Taking on Storm Water

Author: Rachel Novick


A team of civil engineering majors has taken on the Environmental Protection Agency’s first ever Campus RainWorks Challenge. In this challenge, the EPA asked college students from across the country to design innovative green infrastructure projects for their campus to tackle storm water runoff issues.

Notre Dame’s team designed two ways to address campus storm water: building rain gardens around residence halls and academic buildings, and installing vegetated bioswales, also called filter strips, along the edges of campus parking lots. The team consisted of Eily Andruszkiewicz ’14, Emily Palmer ’14, Claire Sieradzki ’14, Will Connors ’14, Amanda Shockling ’15, and Matthew Matasci ’16.
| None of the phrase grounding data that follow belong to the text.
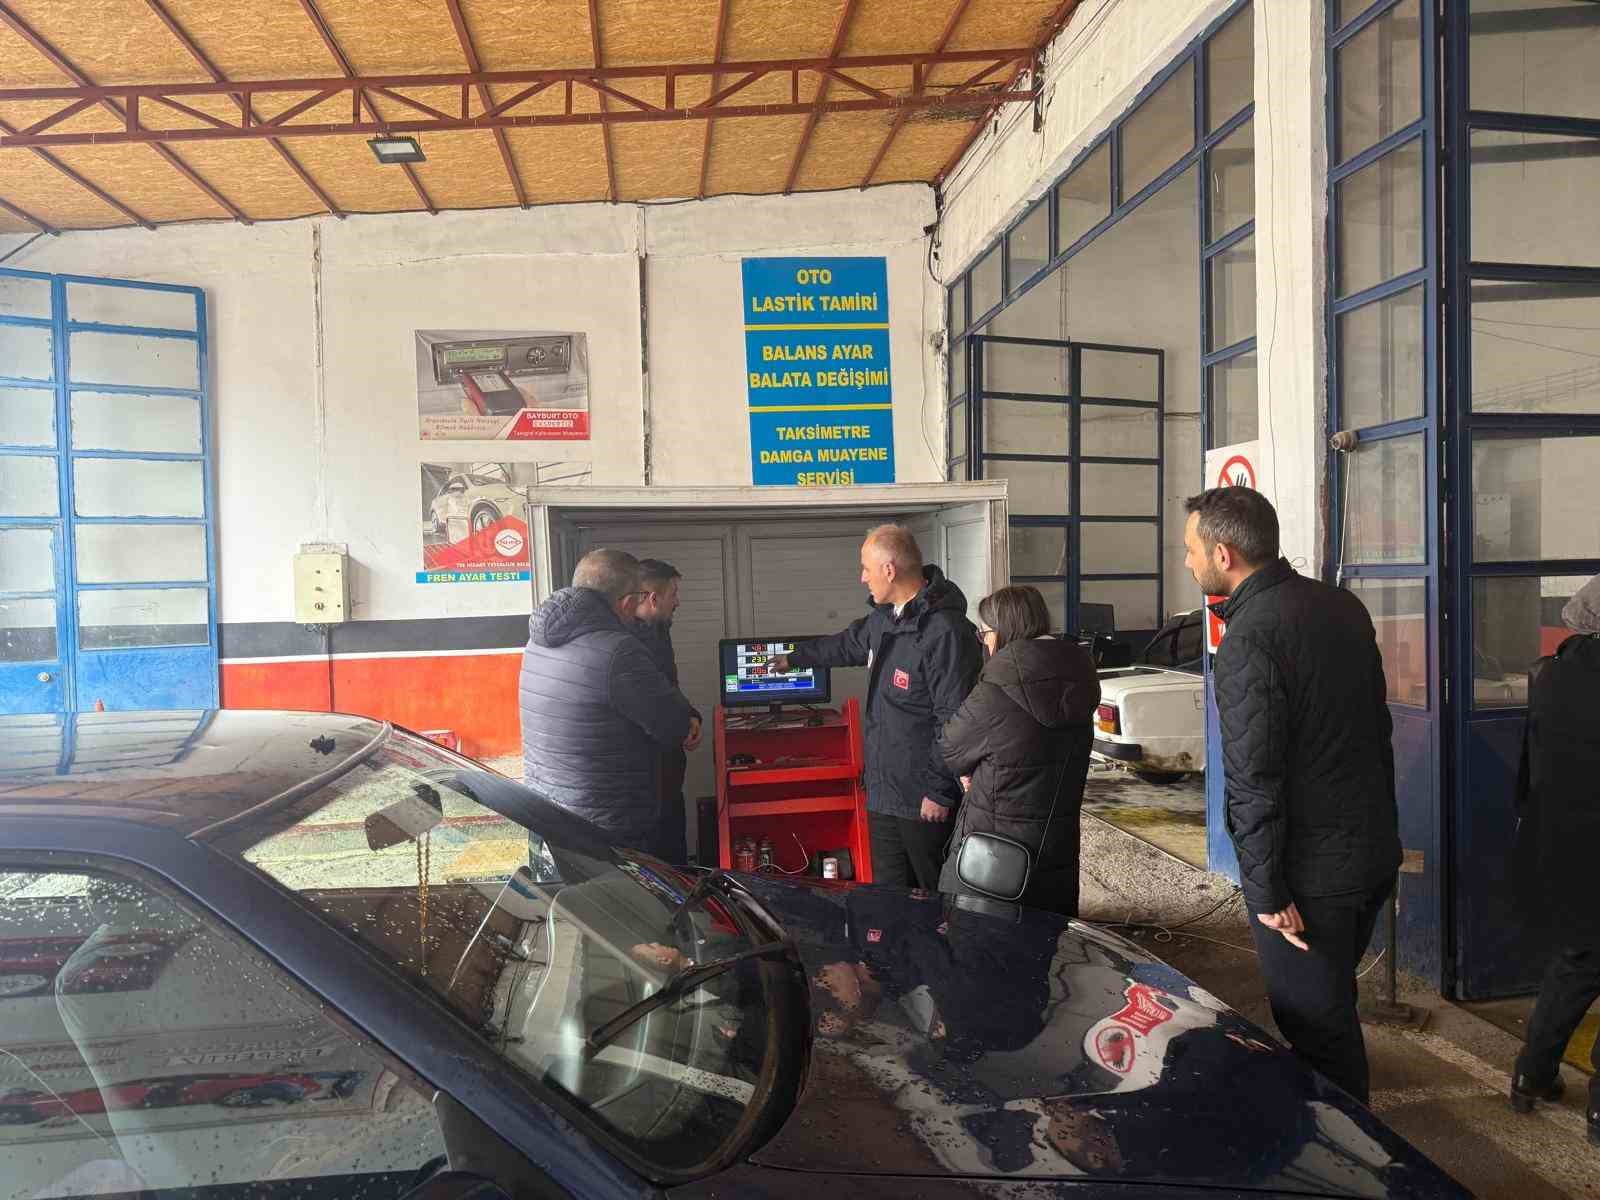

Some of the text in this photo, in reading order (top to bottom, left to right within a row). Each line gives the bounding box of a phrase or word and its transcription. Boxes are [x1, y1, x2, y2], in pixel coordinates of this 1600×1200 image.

[796, 269, 832, 285] OTO
[752, 292, 878, 312] LASTİK TAMİRİ
[762, 344, 874, 361] BALANS AYAR
[750, 368, 889, 390] BALATA DEĞİŞİMİ
[563, 412, 579, 420] OTO
[776, 424, 871, 441] TAKSİMETRE
[760, 447, 888, 464] DAMGA MUAYENE
[796, 468, 855, 486] SERVİSİ
[427, 574, 456, 583] FREN
[459, 573, 485, 582] AYAR
“In addition to the rain gardens providing a location for native plants to grow, they would also slow the velocity of storm water falling off of the buildings and therefore cause less erosion,” explained Andruszkiewicz. “The rain gardens would also allow storm water to infiltrate the soil and recharge groundwater supplies.” The proposed bioswales would reduce the velocity of storm water runoff, and help remove harmful chemicals that accumulate on the surface of parking lots from cars.
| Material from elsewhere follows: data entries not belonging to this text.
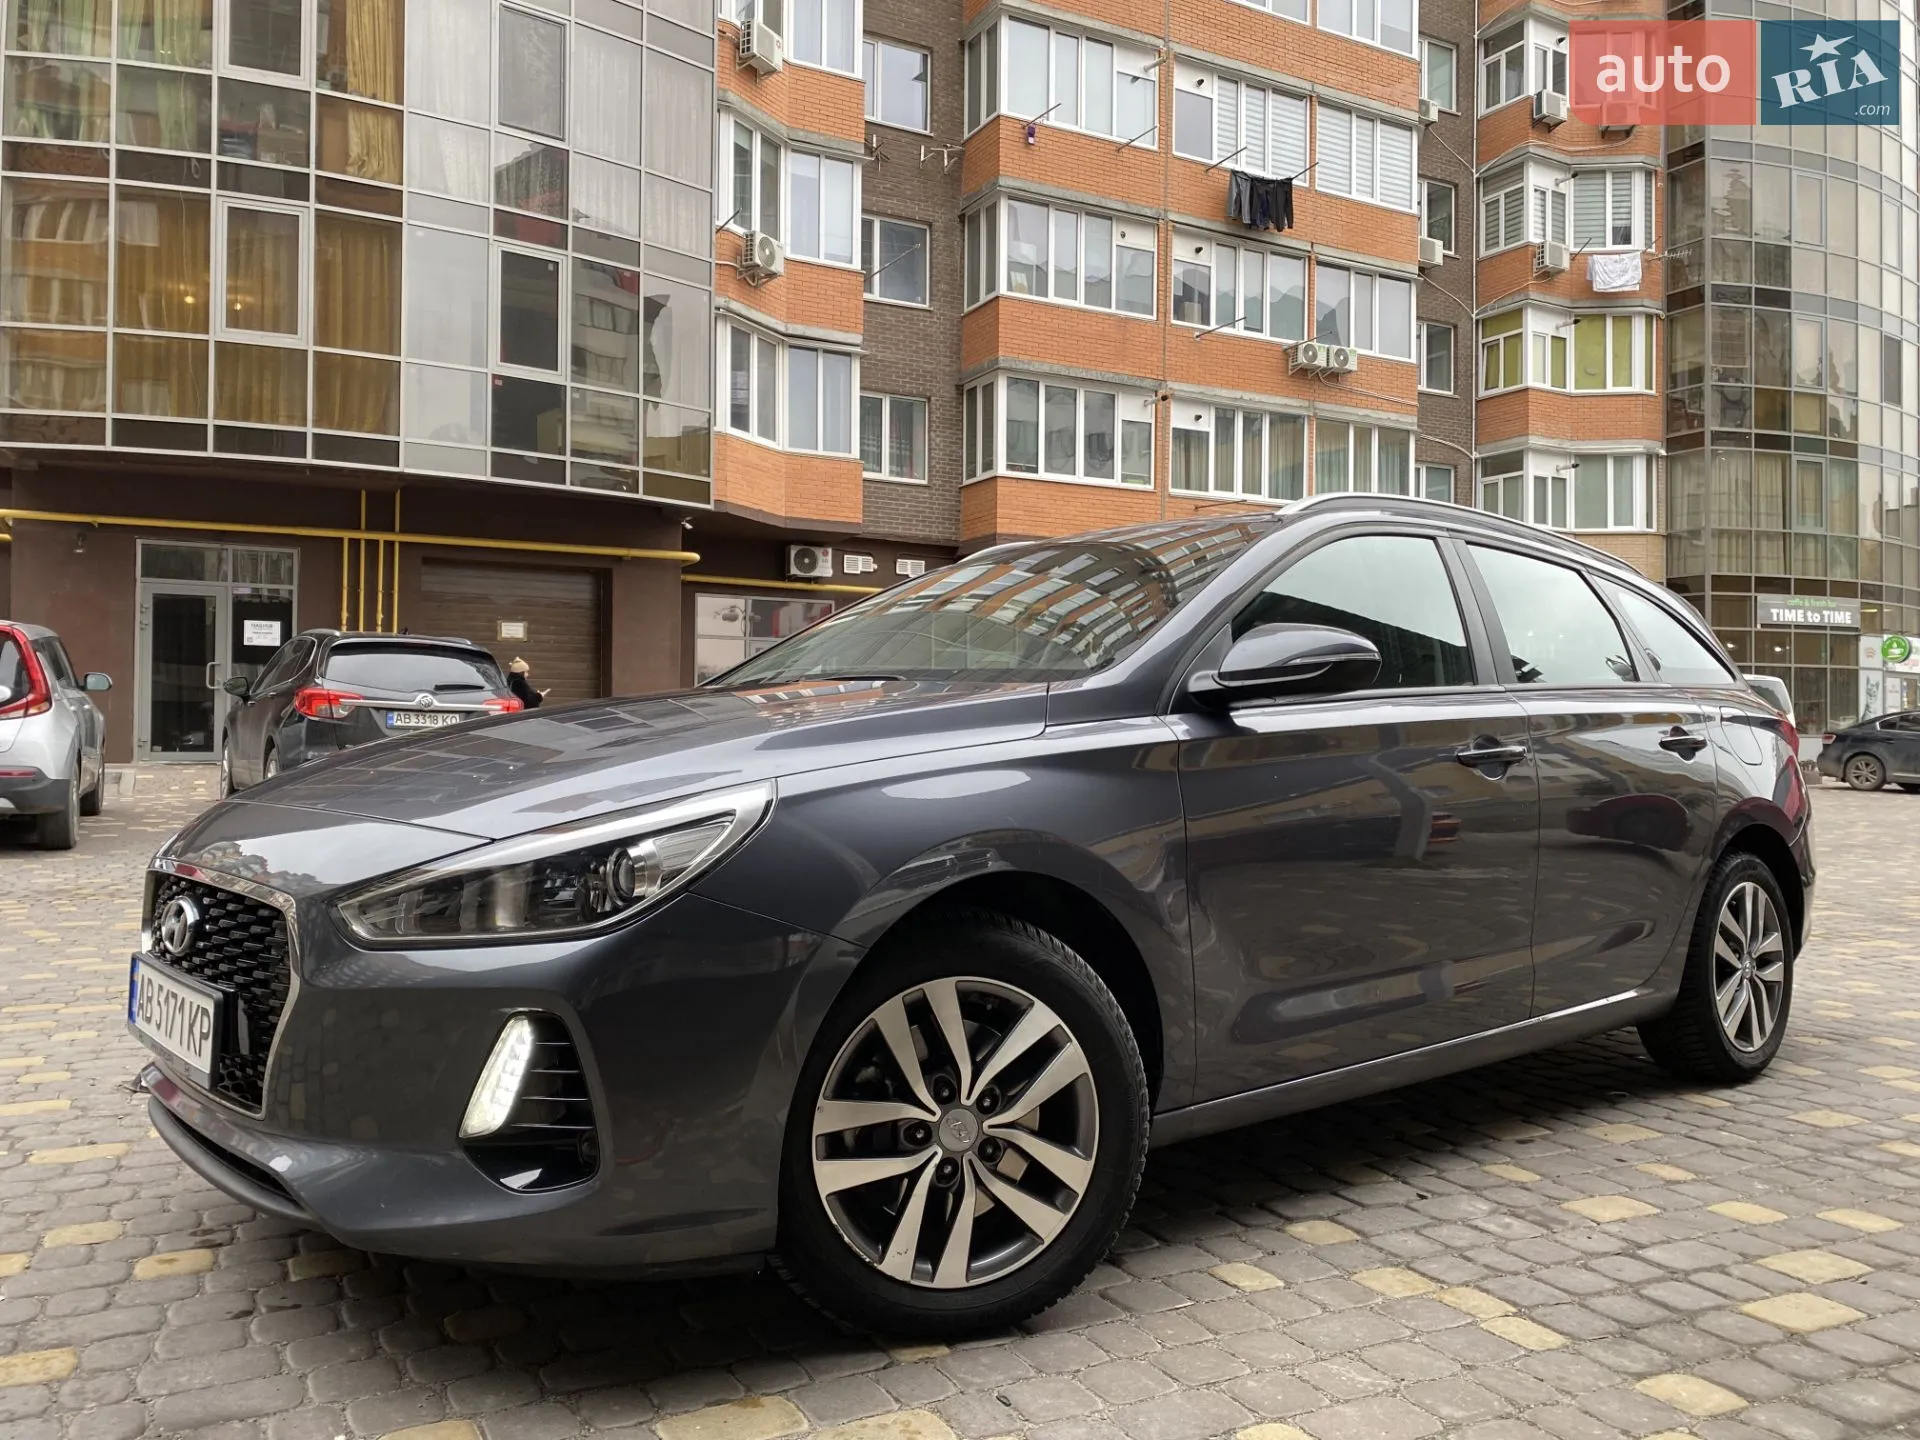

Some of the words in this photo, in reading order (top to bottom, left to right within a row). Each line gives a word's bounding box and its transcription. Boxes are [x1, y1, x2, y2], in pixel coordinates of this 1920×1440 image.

[1770, 608, 1805, 622] TIME
[1807, 610, 1821, 623] to
[1822, 610, 1852, 624] TIME
[395, 713, 411, 724] AB
[414, 713, 439, 726] 3318
[137, 973, 154, 1024] AB
[155, 983, 186, 1047] 5171
[187, 1000, 211, 1058] KP
“The team did very thorough research and presented their results very professionally,” commented Rob Nerenberg, Associate Professor of Civil and Environmental Engineering, who advised the project. “What impressed me the most is that this project was entirely the students’ initiative: they took responsibility for every aspect of the project and did a lot in a very short amount of time.”

The team agreed that building awareness for the issues associated with storm water runoff is very important. “We decided to design something that is by no means revolutionary, but that would make people more aware of storm water management issues if implemented,” said Connors.
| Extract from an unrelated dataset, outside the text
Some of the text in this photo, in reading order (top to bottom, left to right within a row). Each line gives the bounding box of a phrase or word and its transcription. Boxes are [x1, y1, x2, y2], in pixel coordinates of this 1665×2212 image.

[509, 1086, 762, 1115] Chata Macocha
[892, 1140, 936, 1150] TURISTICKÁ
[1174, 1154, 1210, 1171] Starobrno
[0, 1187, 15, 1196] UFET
“The most difficult part was finding a balance between an innovative and feasible solution,” said Matasci. The costs of implementing and maintaining these solutions reduce the practicality of the project, but this problem could be minimized if they win the competition. The winning teams, announced in April, will receive a cash prize as well as research funds for their faculty advisor to conduct research on the potential of green infrastructure to sustainably manage storm water. “We are very proud of how it came together and hope that the University will take a look at our final project and consider implementing some of our proposed solutions,” added Shockling.